HOW TO COMPLETE THIS TASK | Transcribe the records that follow exactly. Skip the pictures.

:: EXCERPTED DATA ::

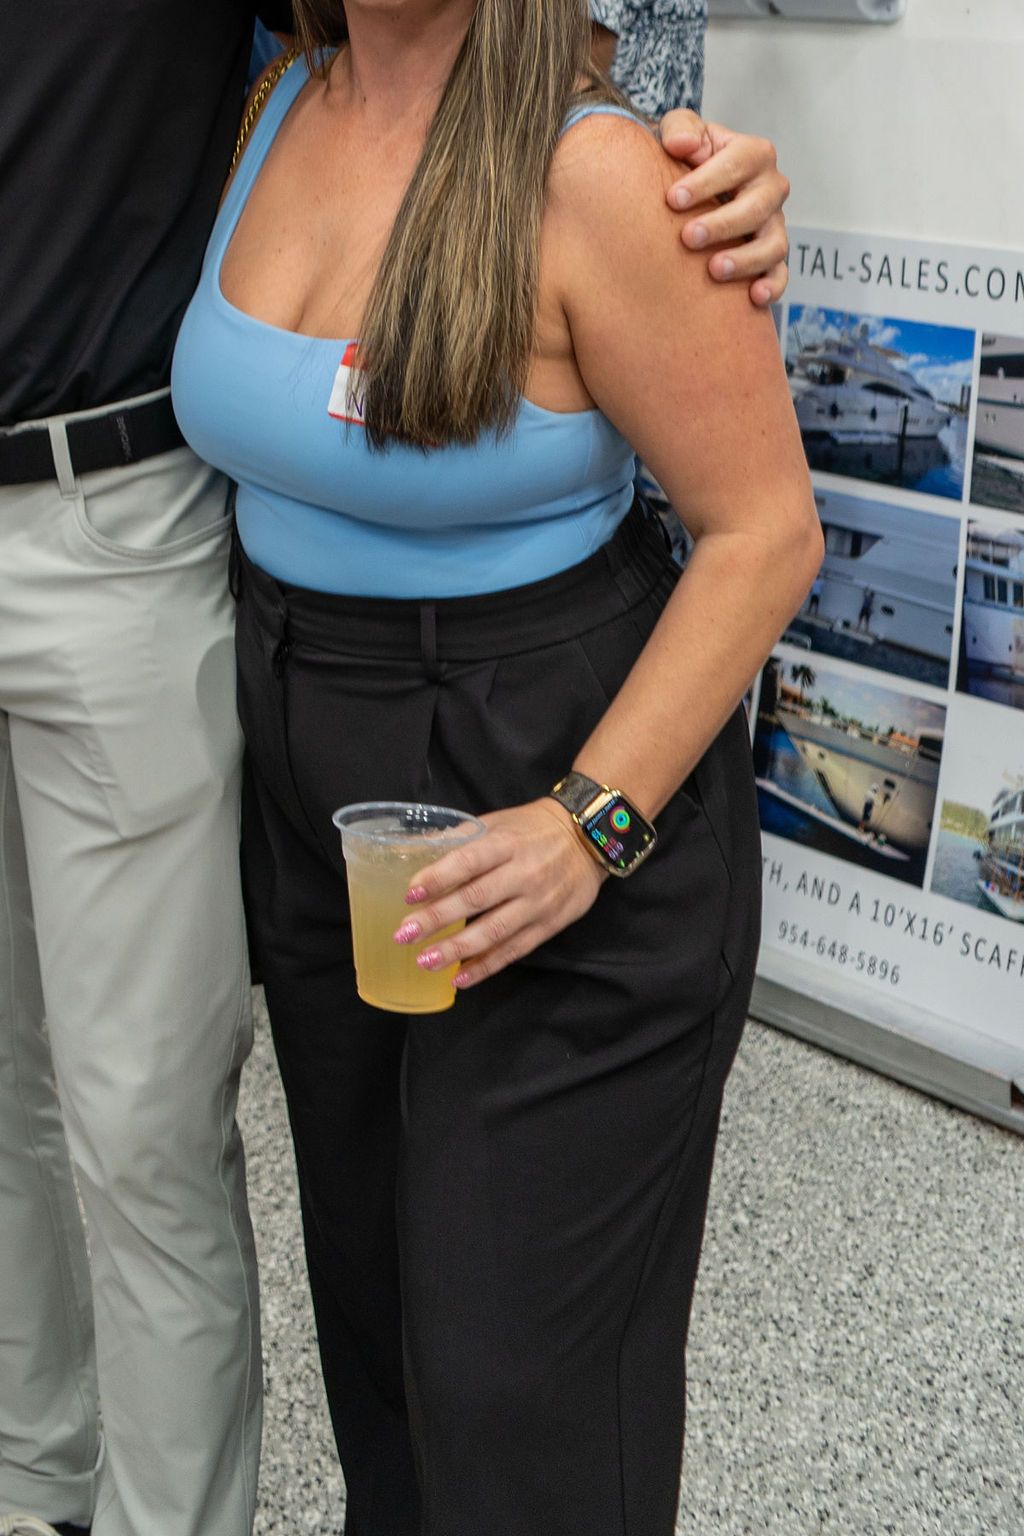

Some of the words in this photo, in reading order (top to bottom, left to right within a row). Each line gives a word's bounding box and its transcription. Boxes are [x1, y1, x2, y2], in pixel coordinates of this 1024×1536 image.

[786, 243, 1024, 302] TAL-SALES.CO
[762, 856, 788, 892] H,
[796, 871, 842, 905] AND
[848, 891, 861, 915] A
[959, 932, 1024, 977] SCAF
[778, 921, 900, 984] 954-648-5896
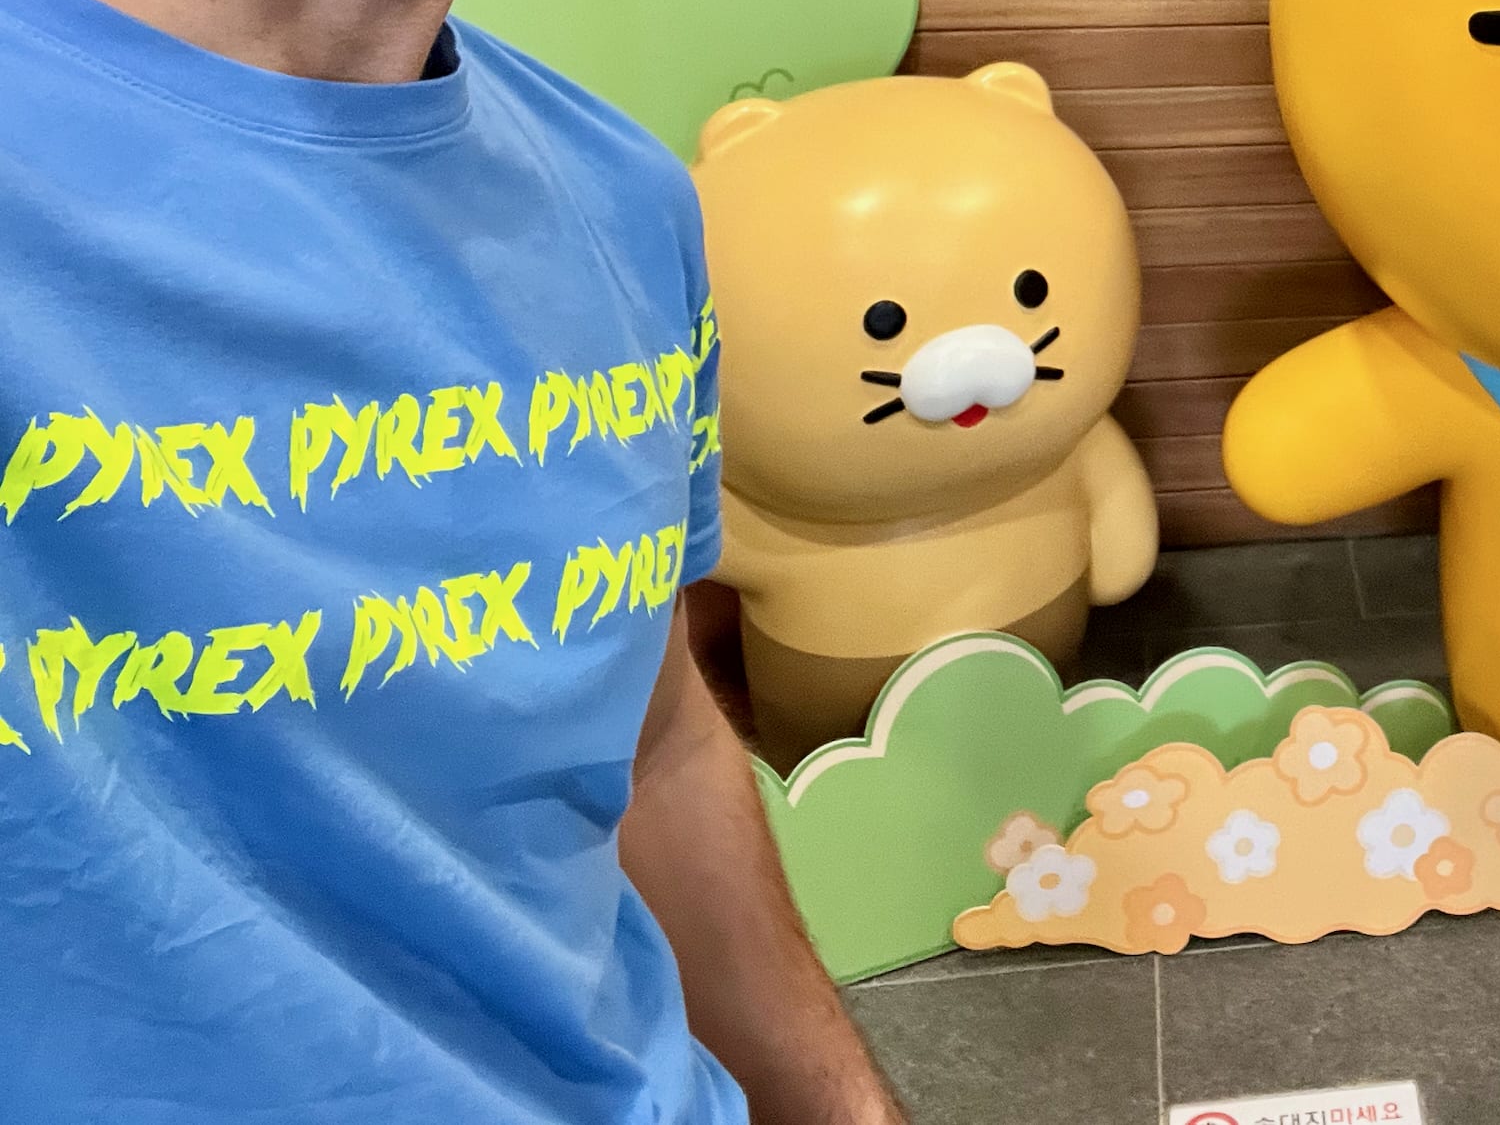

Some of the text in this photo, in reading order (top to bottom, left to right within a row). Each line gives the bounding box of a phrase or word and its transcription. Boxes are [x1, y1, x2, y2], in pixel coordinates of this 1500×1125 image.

[290, 382, 523, 513] PYREX
[27, 608, 323, 745] PYREX
[341, 562, 540, 703] PYREX
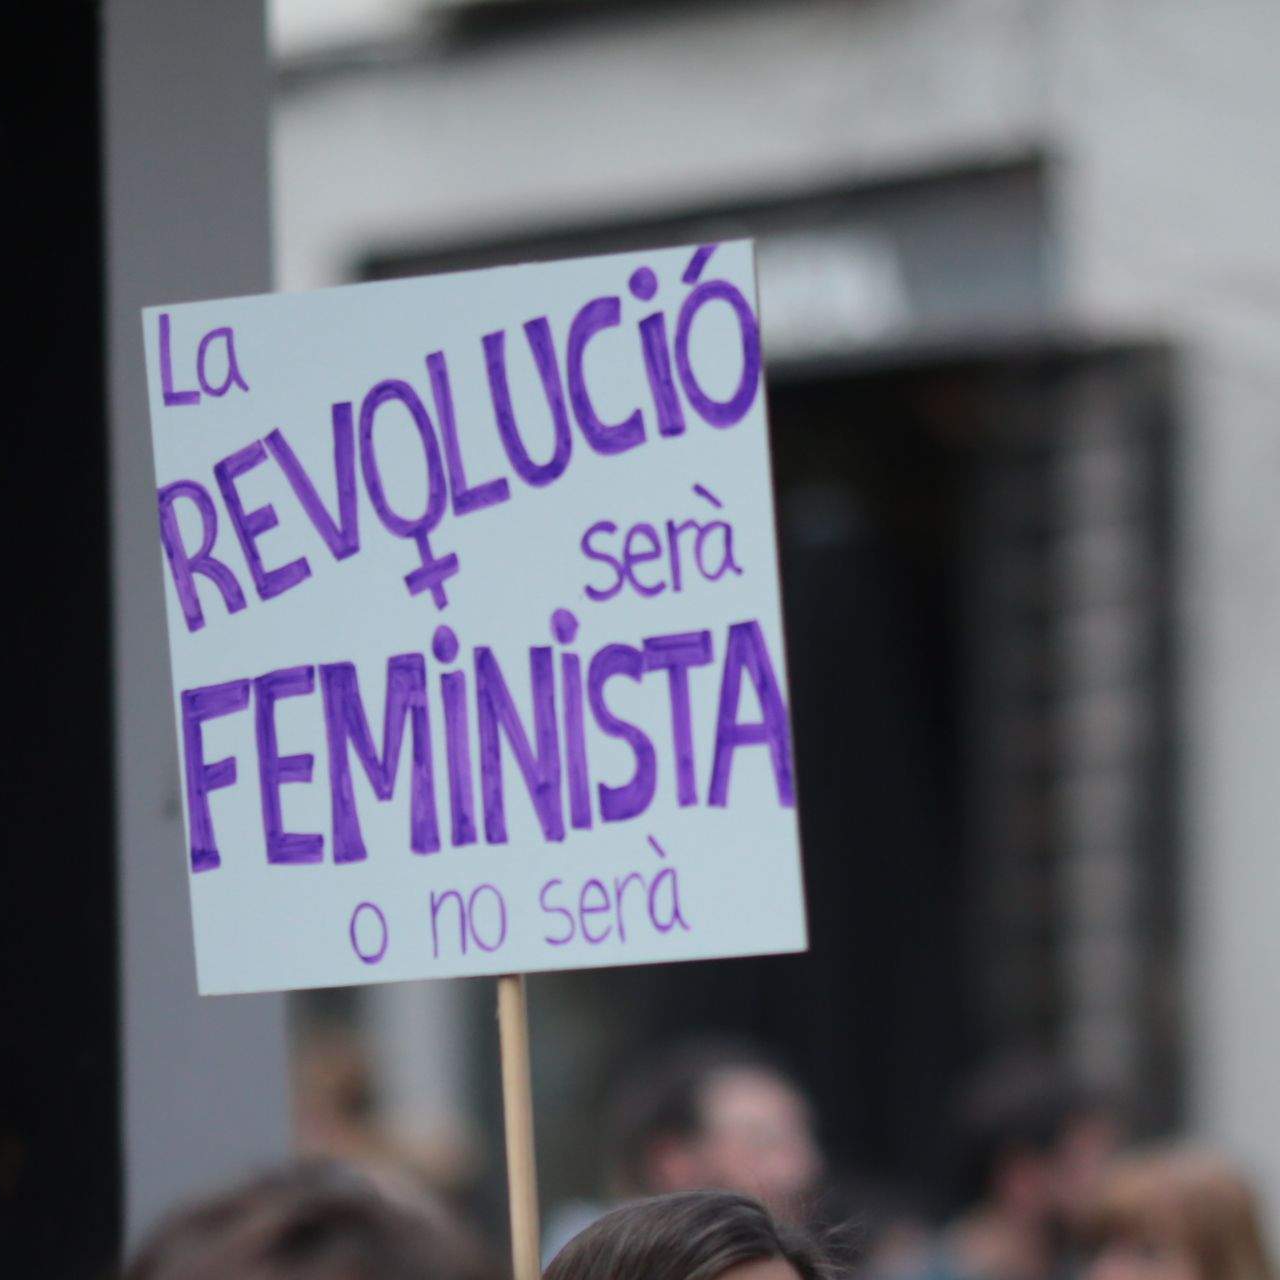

:::

YOUR RESPONSE |
Some of the words in this photo, in reading order (top to bottom, left to right within a row). Each line gives a word's bounding box and its transcription. Boxes are [x1, y1, x2, y2], in pixel coordinates of this 1024×1536 image.

[786, 243, 1024, 302] TAL-SALES.CO
[762, 856, 788, 892] H,
[796, 871, 842, 905] AND
[848, 891, 861, 915] A
[959, 932, 1024, 977] SCAF
[778, 921, 900, 984] 954-648-5896

Some of the text in this photo, in reading order (top to bottom, left to right within a row). Each line gives the bounding box of a phrase or word and its transcription. Boxes are [x1, y1, x2, y2], in pixel coordinates of this 1500×1125 image.

[290, 382, 523, 513] PYREX
[27, 608, 323, 745] PYREX
[341, 562, 540, 703] PYREX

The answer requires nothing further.